Le mot était à peine lâché qu’Annibal s’en repentit ; mais il n’était plus temps. Liona pâlit, et porta la main sur son cœur, comme si une atroce douleur l’eût déchiré ; mais elle tint bon, et d’une voix lente, mais ferme, elle répondit à Carrache : — Eh bien ! celte effrontée courtisane est cependant la femme de votre neveu.

— Sa femme ! s’écria Annibal terrifié.

— Oui, sa femme, sa femme légitime, répéta Liona, sourde à tous les signes que lui faisait Manzi ; le signor abbate pourra vous le dire, puisque c’est lui qui

— A voulu vous éviter cette folie, c’est vrai, interrompit brusquement Manzi ; mais il m’a été impossible de faire entendre raison à cet écervelé de Tonino. Ne voulait-il pas afficher son mariage aux yeux de tout Boulogne, et présenter partout la signera comme sa femme. C’est elle seule qui a obtenu, et à grand’peine encore, de ne passer que pour sa maîtresse.
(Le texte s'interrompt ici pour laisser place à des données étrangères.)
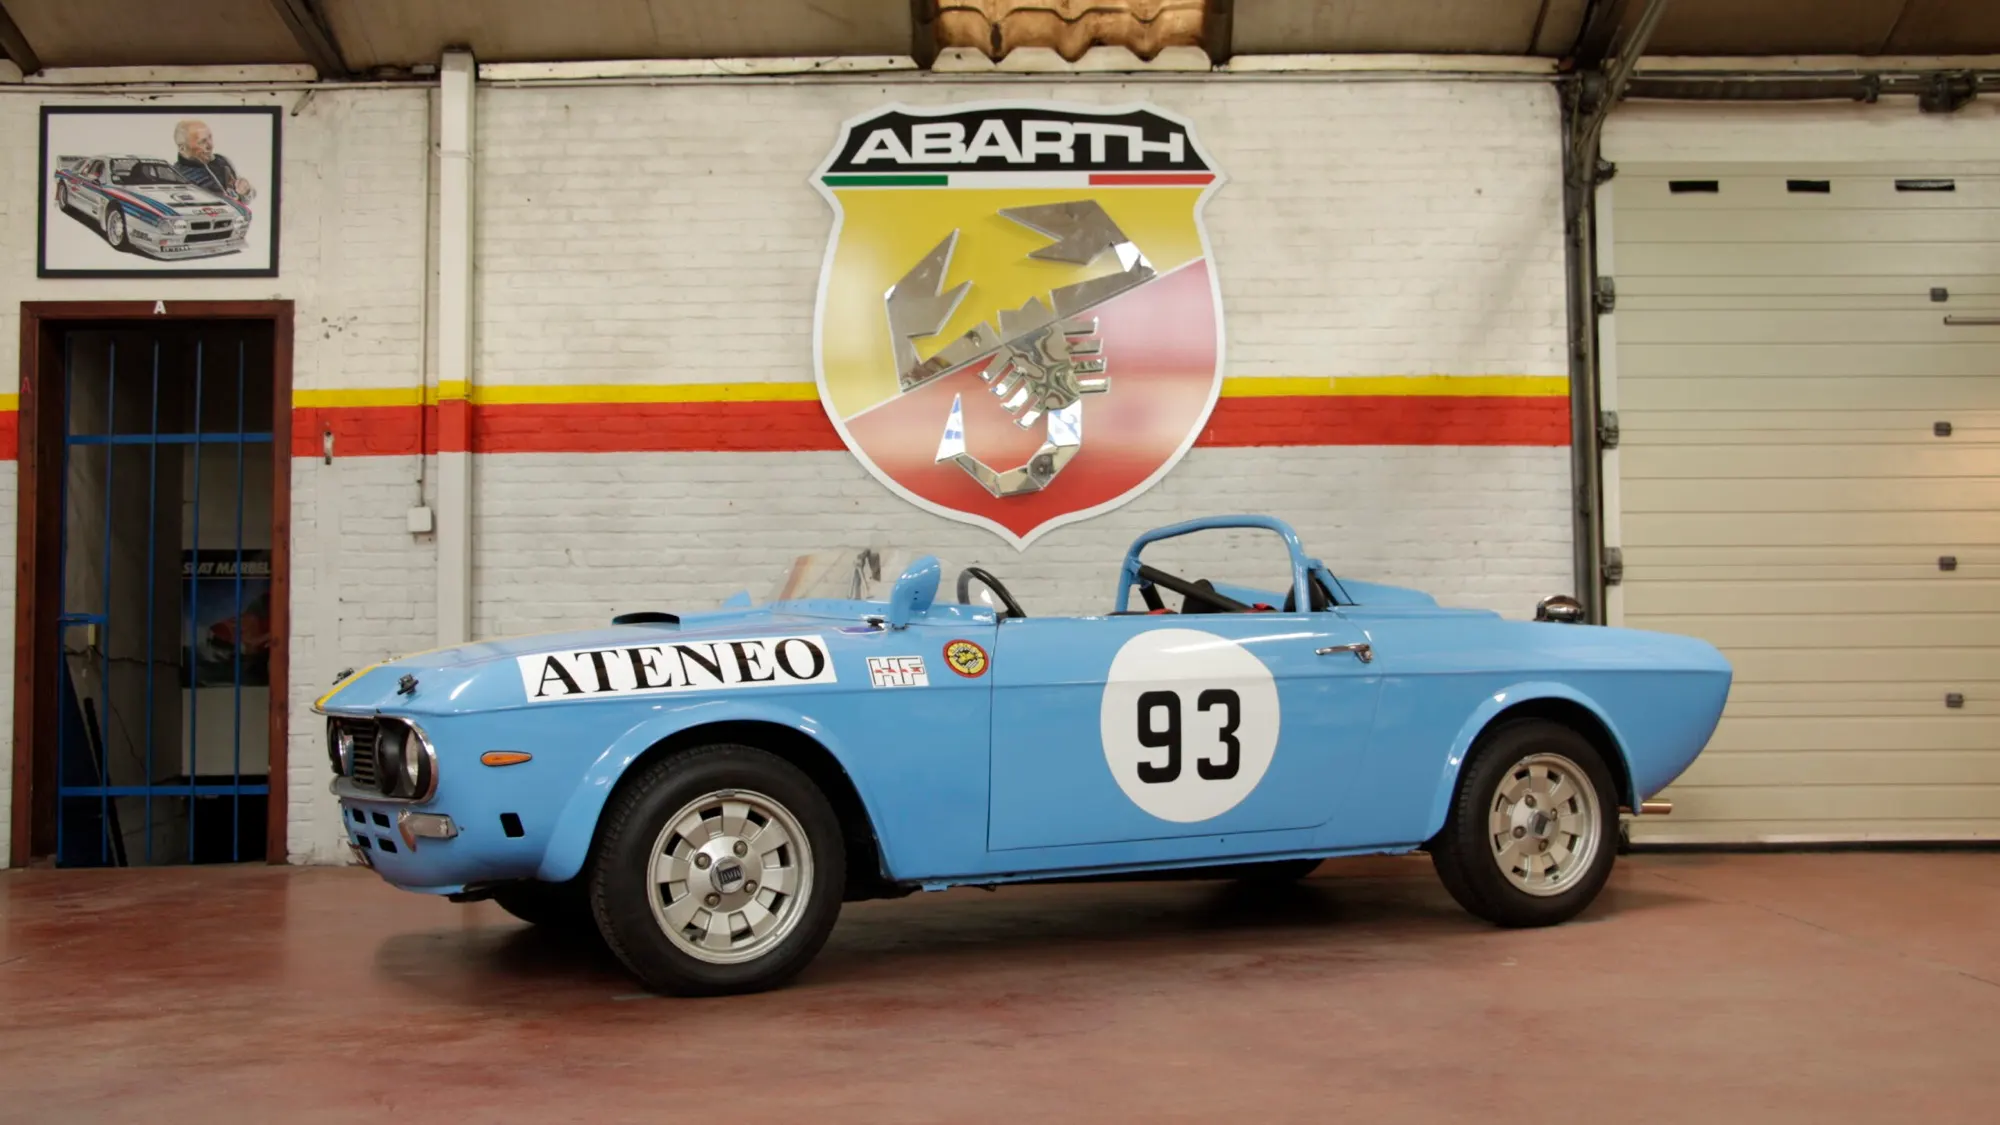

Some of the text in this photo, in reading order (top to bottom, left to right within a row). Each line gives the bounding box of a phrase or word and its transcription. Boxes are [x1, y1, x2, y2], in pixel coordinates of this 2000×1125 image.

[850, 119, 1184, 164] ABARTH
[154, 300, 166, 314] A
[534, 638, 825, 697] ATENEO
[868, 657, 925, 686] HF
[1137, 688, 1240, 784] 93
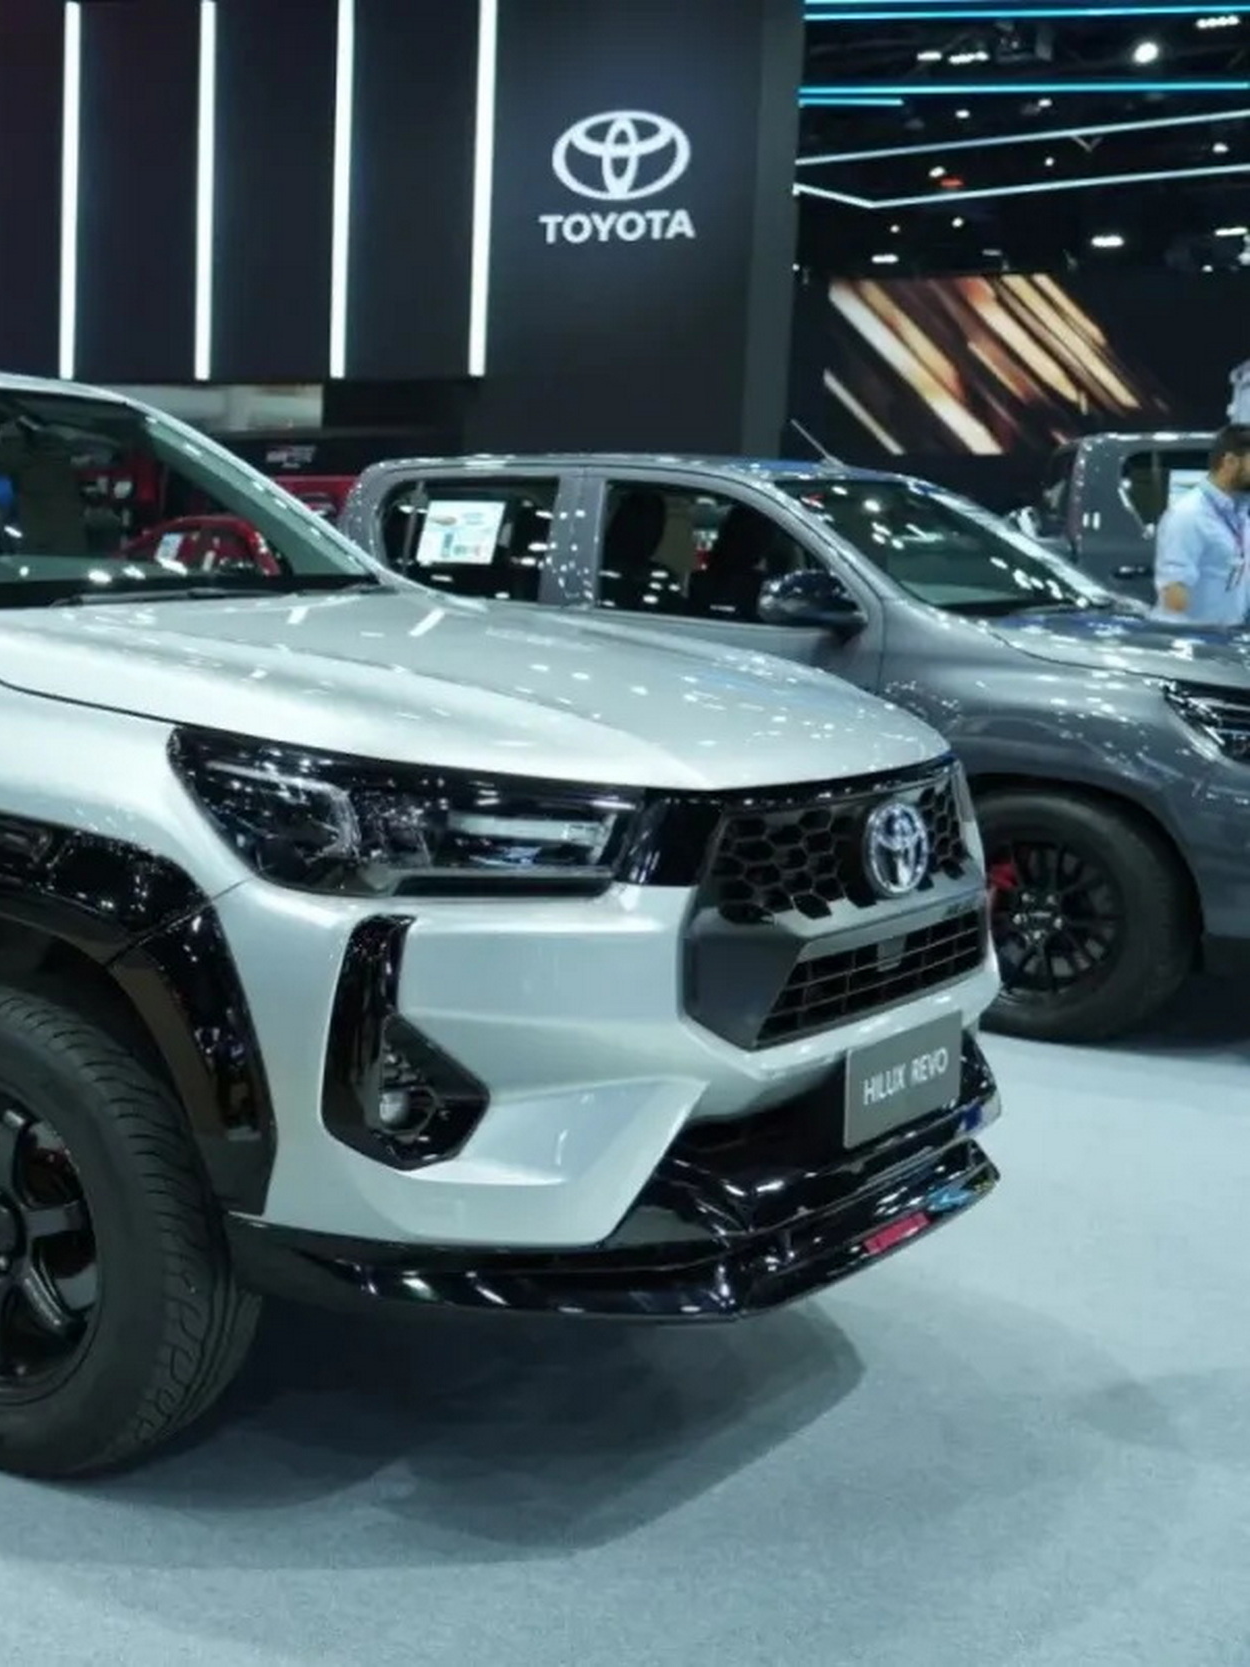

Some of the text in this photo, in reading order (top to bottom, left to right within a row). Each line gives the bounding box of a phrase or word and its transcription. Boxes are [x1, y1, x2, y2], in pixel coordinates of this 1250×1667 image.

[538, 209, 696, 244] TOYOTA
[862, 1047, 949, 1106] HILUX REVO
Elle la femme de mon neveu ! s’écria enfin, quand il put parler, comme un enfant que la colère étouffe, le vieux Carrache dans un paroxisme de rage. Elle, Liona le modèle, Liona la courtisane ! elle entrer par la porte de l’église dans le lit de mon neveu, quand les vieux débauchés de Bologne n’en veulent plus dans le leur ! Et quel est le misérable qui a pu bénir cet indigne mariage ? Oii est-il ? que je le fasse périr sous le bâton…

— Il ne s’agit pas de savoir qui a fait le mal, interrompit encore Manzi, il s’agit de le réparer. Si la signora avait voulu écouter mes conseils, elle n’aurait pas dit un mot de cette mauvaise plaisanterie à ame qui vive, pas même à vous, mon digne signor. Et puisque le beau Tonino n’est pas si dispose que vous à prendre la chose au sérieux, et consent à convoler en secondes noces…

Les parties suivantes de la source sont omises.